Glade has produced a huge amount of material over the years. The earliest stuff I can find consists of two samples from 1991’s The Land That I Once Knewincluded on the CDR retrospective The Almost Lost Treasures of Glade Swope. These songs, which Glade apparently began producing in 1989, are largely keyboard driven, and tend toward the mellower side. The Almost Lost Treasurescontains something like eight hours of music, a lot of live video, and small snapshots of each of the cassettes from the era Glade refers to as his “early period.”
The songs on Lost in Time, the follow-up to The Land That I Once Knew, begin to incorporate more guitar, but are still dominated by keyboards. It isn’t until 1993’s 13 and Eternity that the guitars really start to sound like metal. (If I had to guess, I’d say the “13” refers to Glade’s age at the time, putting him around 26 now, which seems accurate). The track “Demonized,” from 13 and Eternity, forms a metallic template that many of Glade’s later songs build from. Storm the Gates, from 1994, follows in this same vein, while No Justice, also from ’94 and never officially released, sounds like flat-out hardcore.
The Flight of Absolom, which begins what Glade refers to as “The Middle Era,” contains songs he’s labeled “Classical Style Originals.” The pair of tracks from this album included on the retrospective are a return to the original, keyboard-driven style, but with fuller arrangements and slightly better recording technique.
Unfortunately, no tracks from 1997’s The Dove’s Cry made it onto The Almost Lost Treasures, and the album art is missing, as well. The Dove’s Cry was the first Glade Swope album I purchased. It was for sale for years in a big stack beside the register at Bull Moose. I remember the album as an incredibly ambitious undertaking, perhaps one that reached slightly beyond the scope of Glade’s abilities at the time. Yet for me, this is an essential part of his allure: Glade’s willingness to take risks and reach for more complicated and varied sounds.
As you move out of The Middle Era and into Glade’s more current work, you can hear the risks and experiments begin to pay off. His home recording technique seems to become more sophisticated, and his arrangements improve drastically, as do his skills as a guitar player. In short, everything begins to work better.
Glade’s more recent output highlights the remarkable contrast between the wide variety of musical styles he explores and the narrow field his vocals inhabit. Exile,Who Will Rise Above, The Time Traveller’s Symphony and, to a lesser extent,The Unfinished Requiem contain an expansive vocabulary of instrumental sounds. Much of the flavor is straight-ahead metal, but there are also long passages of space rock, surf guitar, contemporary pop, punk, and even hints of math rock from time to time.

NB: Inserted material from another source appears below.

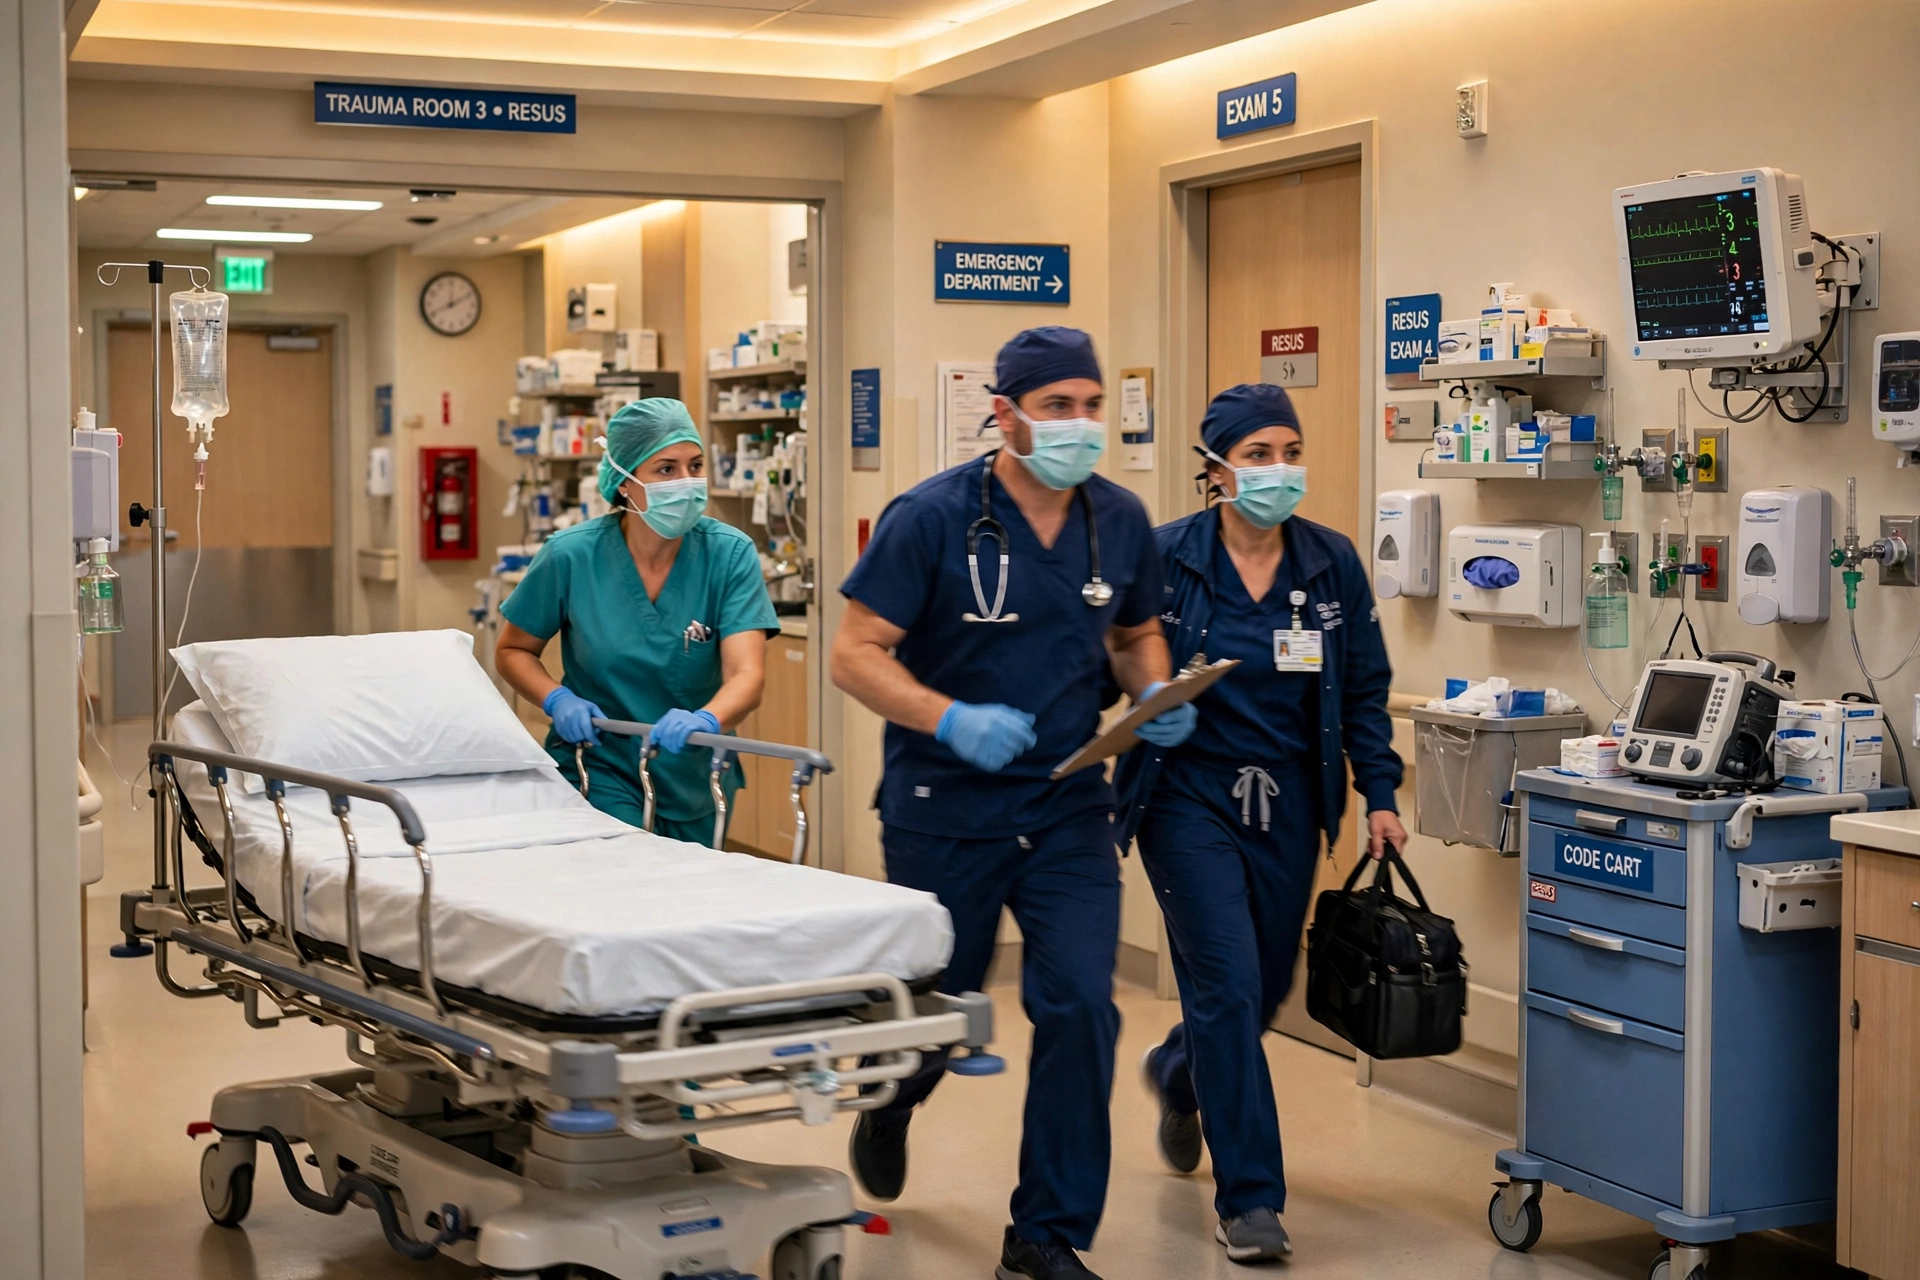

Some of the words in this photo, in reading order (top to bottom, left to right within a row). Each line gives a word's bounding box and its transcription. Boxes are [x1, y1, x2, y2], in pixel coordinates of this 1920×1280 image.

Click to hear: “Rise Up Today” (from All that is Real: The Best of Glade Swope, 1998-2005; 2005)
Through it all, Glade’s voice remains consistent and uniquely his own. As with any singer whose voice is far from the norm – Daniel Johnston’s comes to mind – listeners are bound to either love it or hate it. I enjoy Glade’s voice, and appreciate that he doesn’t try to change it to sound more acceptable.

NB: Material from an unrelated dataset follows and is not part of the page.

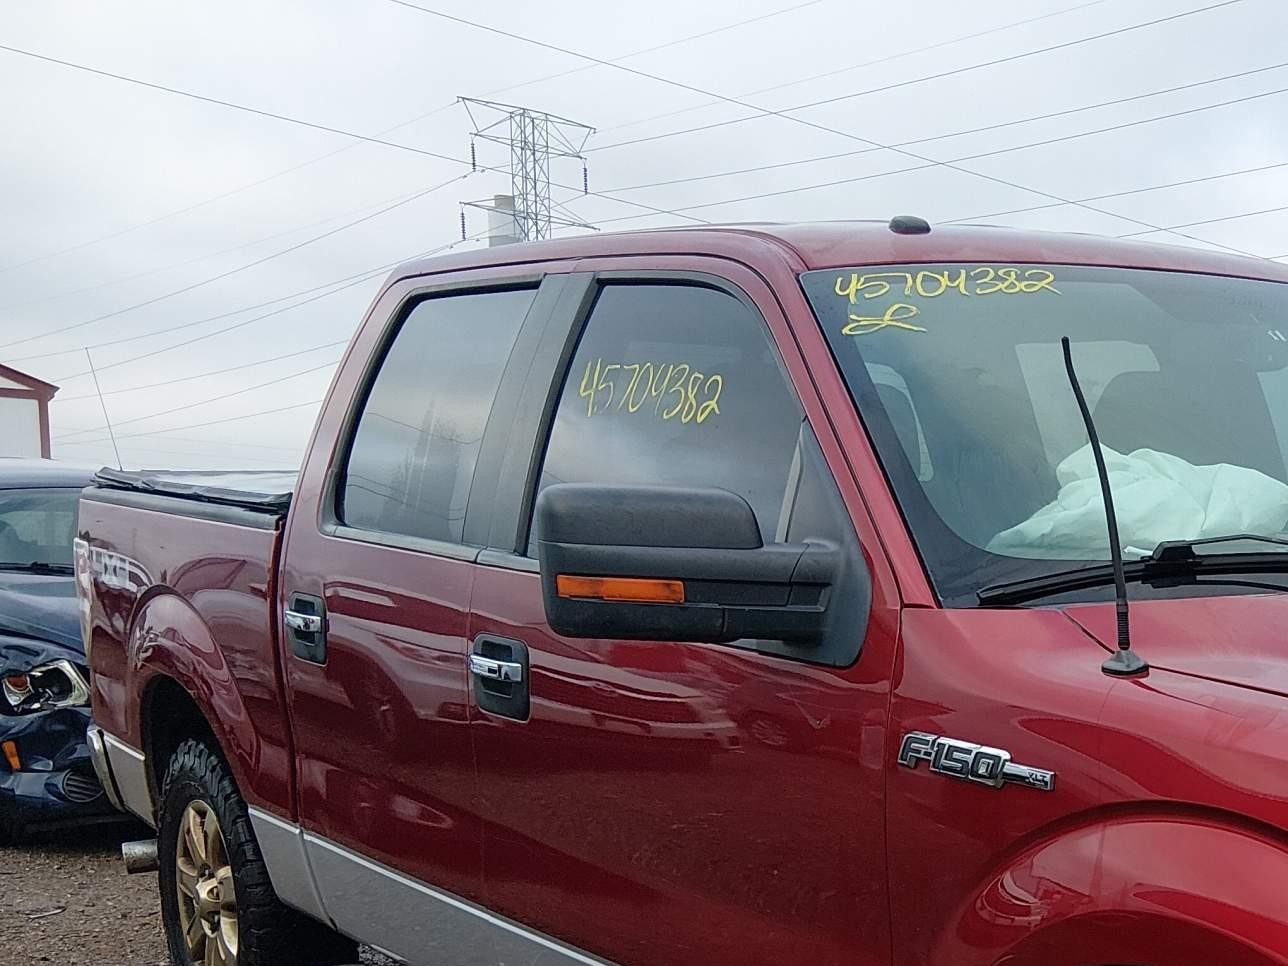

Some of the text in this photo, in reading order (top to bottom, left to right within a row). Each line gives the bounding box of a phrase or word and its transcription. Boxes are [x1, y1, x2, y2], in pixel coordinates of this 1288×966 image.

[834, 267, 1062, 304] 45704382
[579, 357, 724, 424] 45704382
[897, 731, 1011, 788] F-150

Glade Swope is not for everyone, but he’s a guaranteed treat for folks who like music found on the fringes of the musical spectrum. And whether you’re into it or not, it’s worth recognizing that any local music scene is enriched by its presence.

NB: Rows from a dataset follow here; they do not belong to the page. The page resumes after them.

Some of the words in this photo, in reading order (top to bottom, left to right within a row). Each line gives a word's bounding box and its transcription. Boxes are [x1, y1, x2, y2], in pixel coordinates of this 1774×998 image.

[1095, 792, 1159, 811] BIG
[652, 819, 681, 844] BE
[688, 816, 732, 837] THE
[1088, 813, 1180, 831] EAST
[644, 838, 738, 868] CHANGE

One of the best things about Portland’s particular spectrum is the strength and diversity of the material at the outer edges. Happily, we’re not a city with a music scene that ranges only from ultraviolet light to infrared. We’ve got Glade Swope, way out there, emanating gamma rays.
— Galen Richmond
Glade Swope’s albums are available at Strange Maine, Acoustic Coffee, and other local music retailers with taste.